When I'm Sixty-Four
- Paul McCartney - lead and backing vocals, bass, piano
- John Lennon - backing vocals, lead guitar
- George Harrison - backing vocals, guitar (that doubles the bass)
- Ringo Starr - drums, chimes
When I'm Sixty-Four is a Paul McCartney song written in the late 1950's, and recorded for the 1967 album Sgt. Pepper's Lonely Hearts Club Band. Paul was 15 when he first conceived this song about the prospect of aging: a boy sings to his girl about growing old together. His original idea was to write a ballad, not a rock and roll song. However, the Quarrymen used to sing an upbeat version of it whenever the amps broke down or the lights went out in the club, as the accompaniment was on piano rather than guitars.
On the 1967 album, the song is said to have been more popular with the parents of their fans than with the fans themselves because Paul's uncanny adolescent wisdom may have just gone over their heads. But now the original fans are at least that old, and each one has his or her own personal answer to the singer's question: "Will you still need me, will you still feed me, when I'm sixty-four?" Paul's own father turned 64 the year that Sgt. Pepper was laid out, and perhaps that's why Paul remembered this song from the early days. Lennon told Playboy in 1980 that he really liked the song, but "would never even dream of writing a song like that."

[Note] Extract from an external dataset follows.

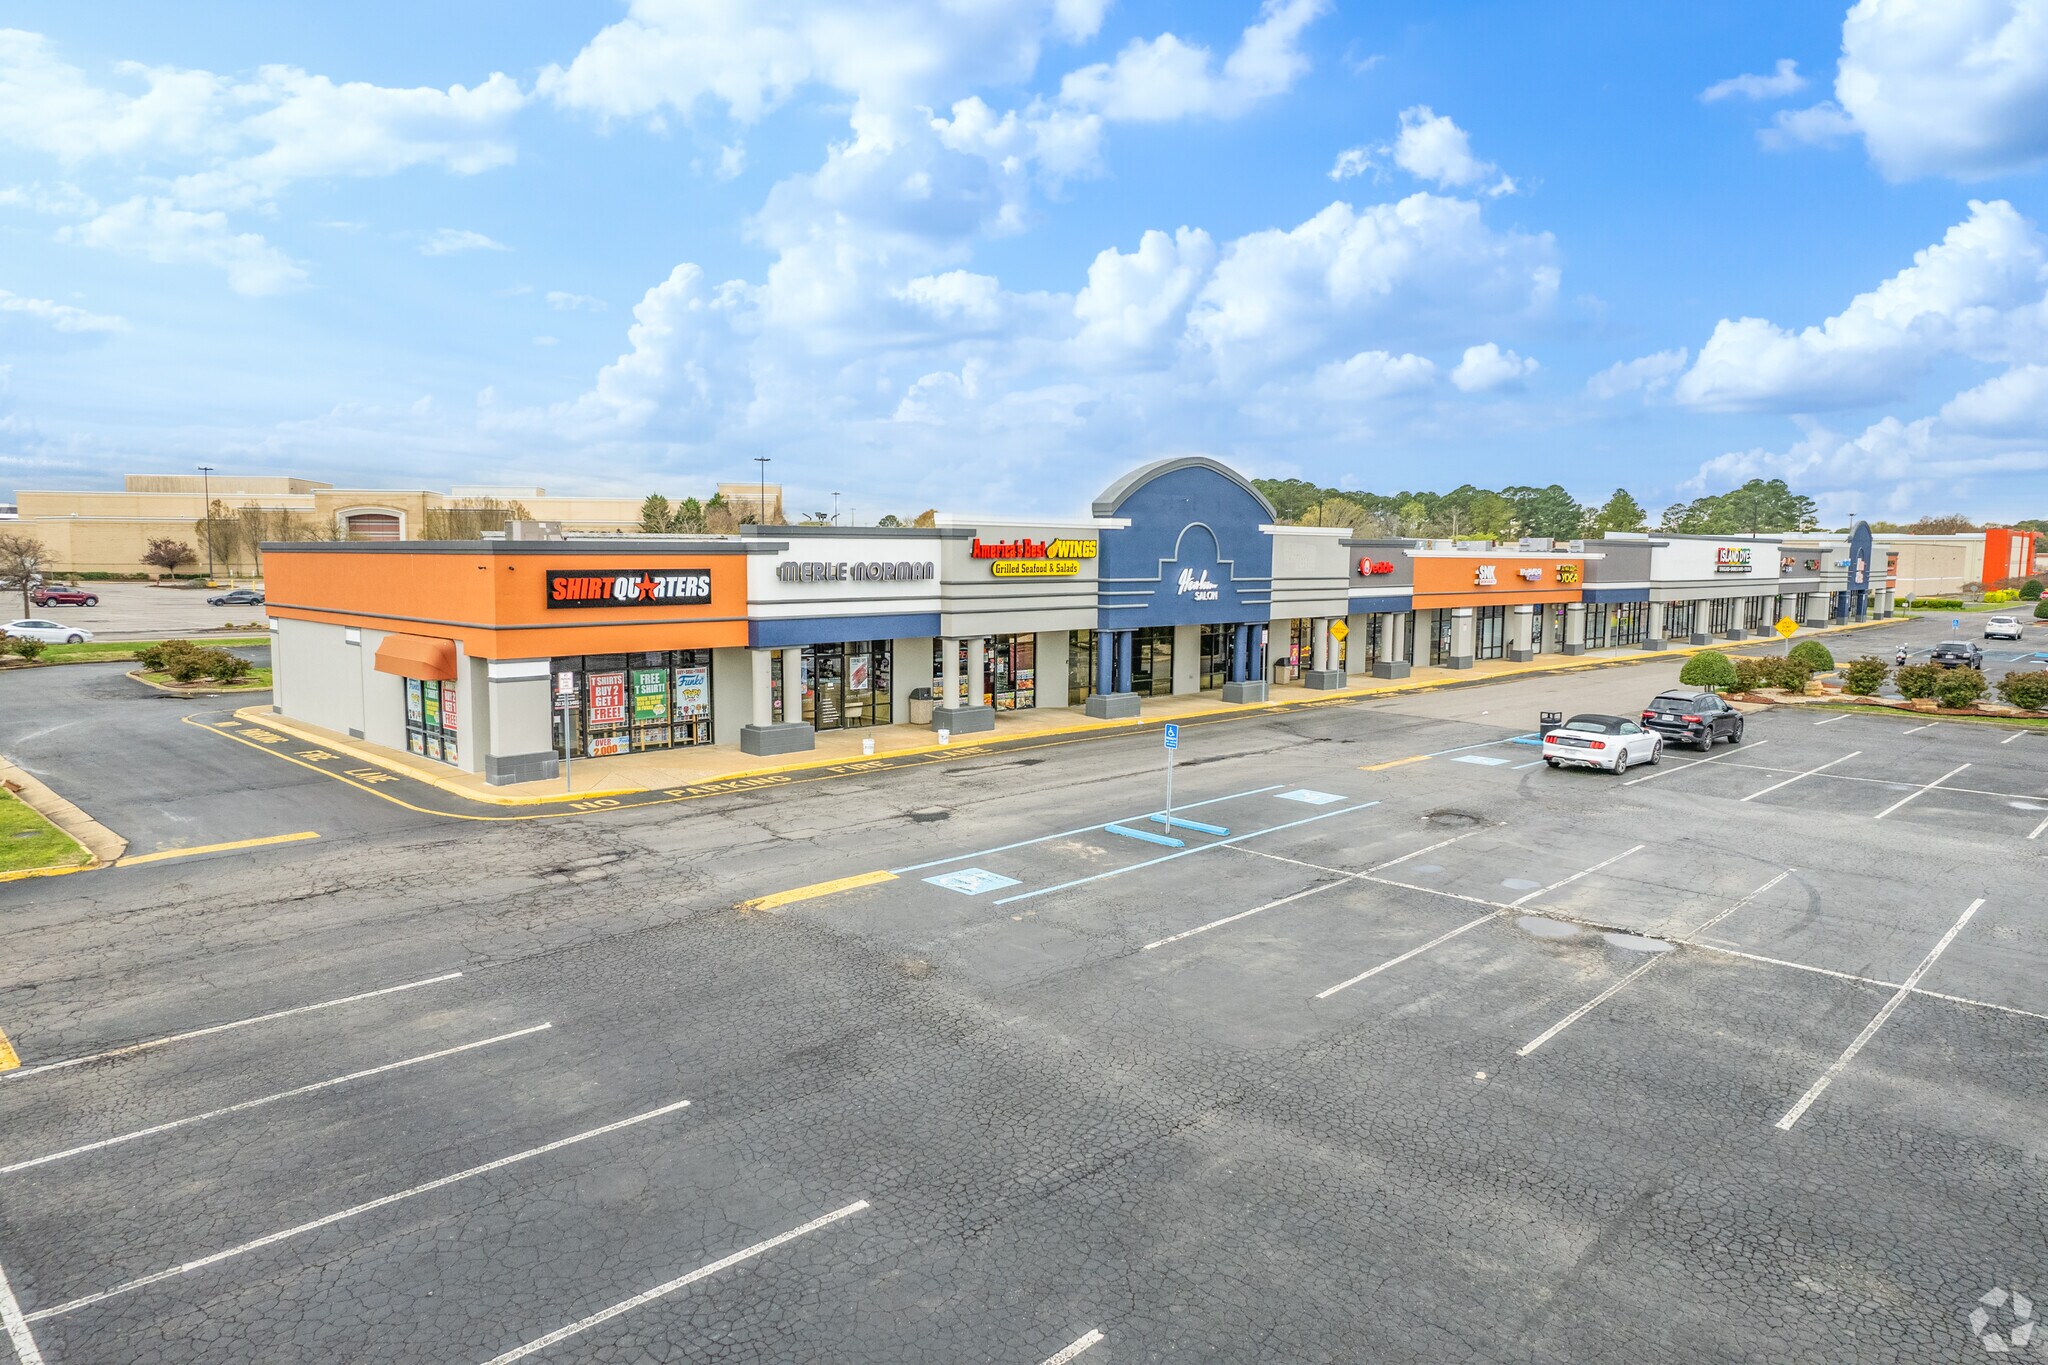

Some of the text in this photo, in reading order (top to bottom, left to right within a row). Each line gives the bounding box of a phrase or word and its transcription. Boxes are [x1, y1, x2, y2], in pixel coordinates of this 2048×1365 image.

Consistent with the growing experimental approach the Beatles took to instrumentation in the middle- and later periods, this song features three clarinets (two sopranos and a bass), a combination rarely heard in any sort of music, and surely a first for rock and roll. George Martin wrote the arrangement. Tubular bells and a honky-tonk piano were added as well. Paul said this was used to cut the otherwise "schmaltzy" subject matter of the lyrics. The Beatles performed the song in C major, but McCartney requested that the rhythm track be sped up a bit to raise the key to D-flat major, thus livening up the song and making his lead vocal sound a bit "younger."
The song was a candidate for a b-side on a single with either Strawberry Fields Forever or Penny Lane. Instead, Martin released both those songs as a double-a-side single. The single did not make it to number 1 in the UK, the first Beatles release not to make it to the top of the UK charts since the earliest releases in 1962-63. Martin later regretted not going forward with one or the other of those songs, putting When I'm Sixty-Four on the b-side.
In addition to its place on the Sgt. Pepper's Lonely Hearts Club Band album, When I'm Sixty-Four is also on the Yellow Submarine Songtrack.